Dealing with Guilt

“Hotshots” looks at a movie!

The Reader - Movie PosterTHE READER is a searing examination of guilt and not as straightforward as you might think it is from reading about it.

Starring Kate Winslet and Ralph Fiennes, the film questions how one’s life can be tragically affected by keeping a secret or by not revealing all of the truth.

In other words, how does one deal with guilt and shame?

The film begins in 1995 Berlin, but then it uses flashbacks to jump back and forth between 1995 and 1958, when the story begins.

We meet 15-year-old Michael Berg, who becomes sick and throws up in the entryway to an apartment building. A young woman in her thirties named Hanna Schmitz lives there, and she stops to help him.

Michael ends up with scarlet fever, and when he is able to leave his room, his parents tell him that he must go back and thank Hanna, which he does, as well as taking her some flowers.

However, before they know it, they wind up in bed together, which prompts Hanna to say, “So, that’s why you came back.”

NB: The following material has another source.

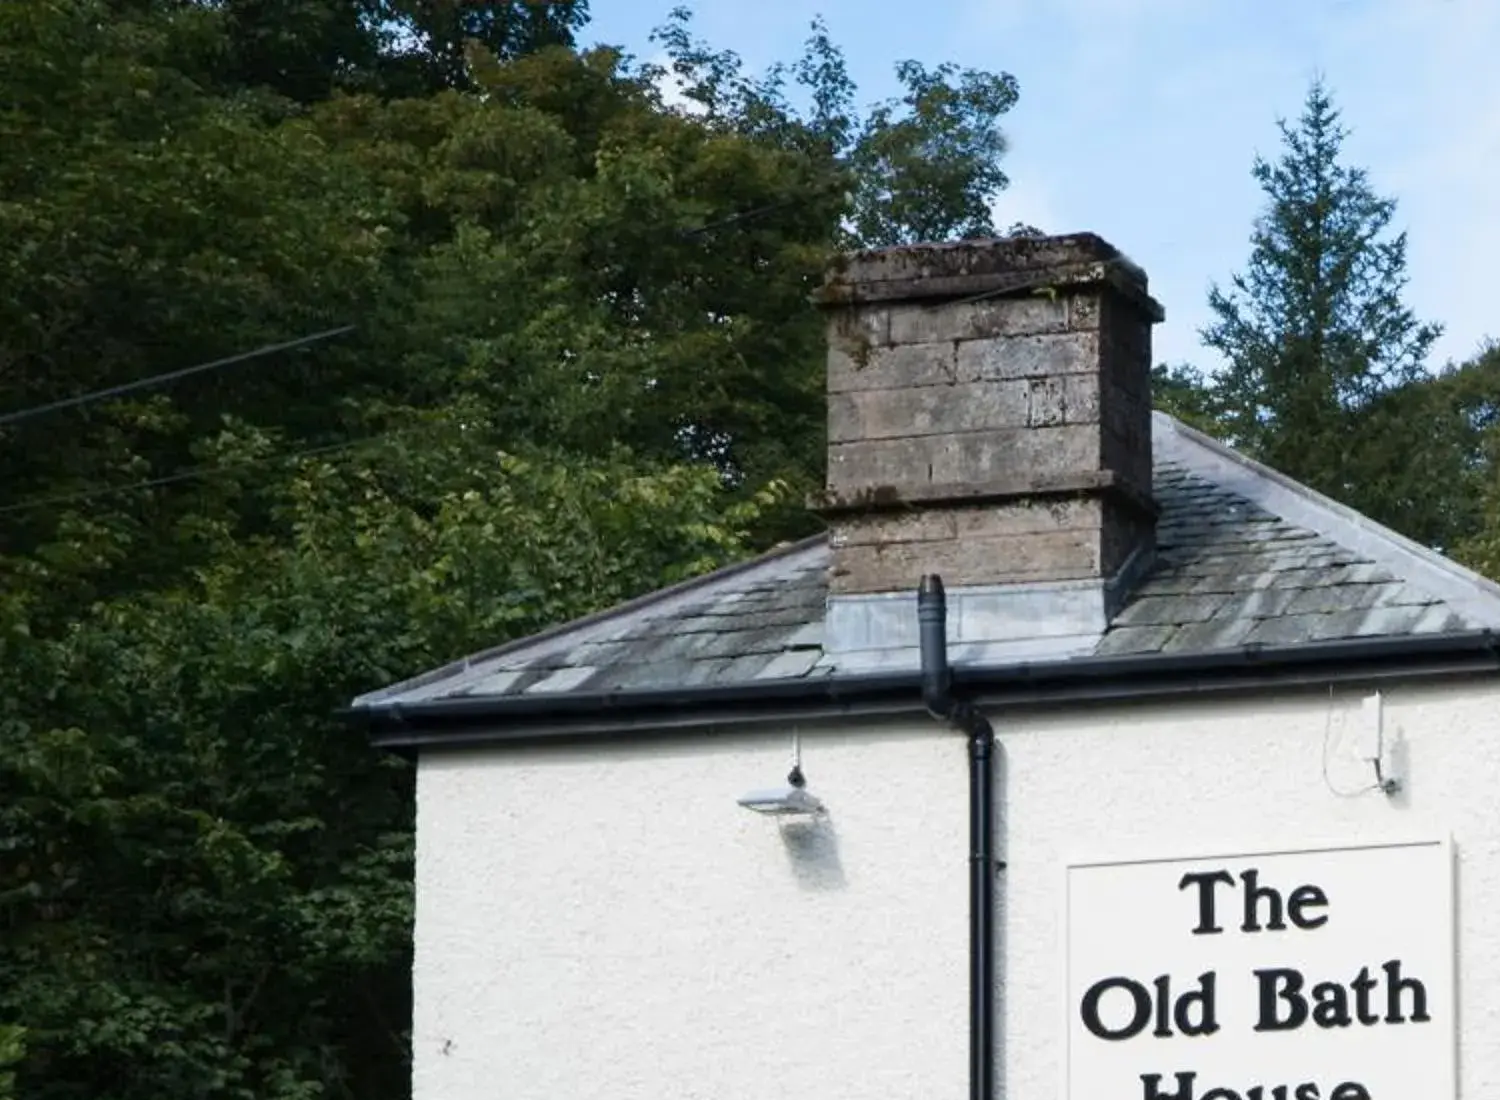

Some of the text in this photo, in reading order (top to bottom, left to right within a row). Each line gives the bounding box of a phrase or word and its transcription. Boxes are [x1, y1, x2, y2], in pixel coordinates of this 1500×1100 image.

[1178, 868, 1329, 935] The
[1080, 960, 1431, 1041] Old Bath

Michael becomes a regular visitor, and when Hanna learns what he is studying in school, she asks him to read to her, eventually making their routine that first he reads to her and then they make love.

It takes three such visits before Michael even learns Hanna’s name, and she usually refers to him as “Kid.”

This goes on for quite some time, but one day when Michael arrives at Hanna’s apartment, she is gone and has moved out without having told him.

Then we jump to 1966, and Michael is in Heidelberg Law School. The class attends the trial of six female guards of a Nazi concentration camp in World War II, and Michael is shocked to see that Hanna is one of the former guards on trial.

Watching the trial and hearing the testimony, Michael comes to a realization about Hanna that he had never suspected during all the time that they had been together that wonderful summer eight years before.

And as the trial progresses, Michael watches Hanna withhold information that could have helped her defense, and then he struggles with himself over whether he should provide that important information that could help her.

THE READER is much more than just a story about lost love and dealing with guilt.

I’m Dan Culberson and this is “Hotshots.”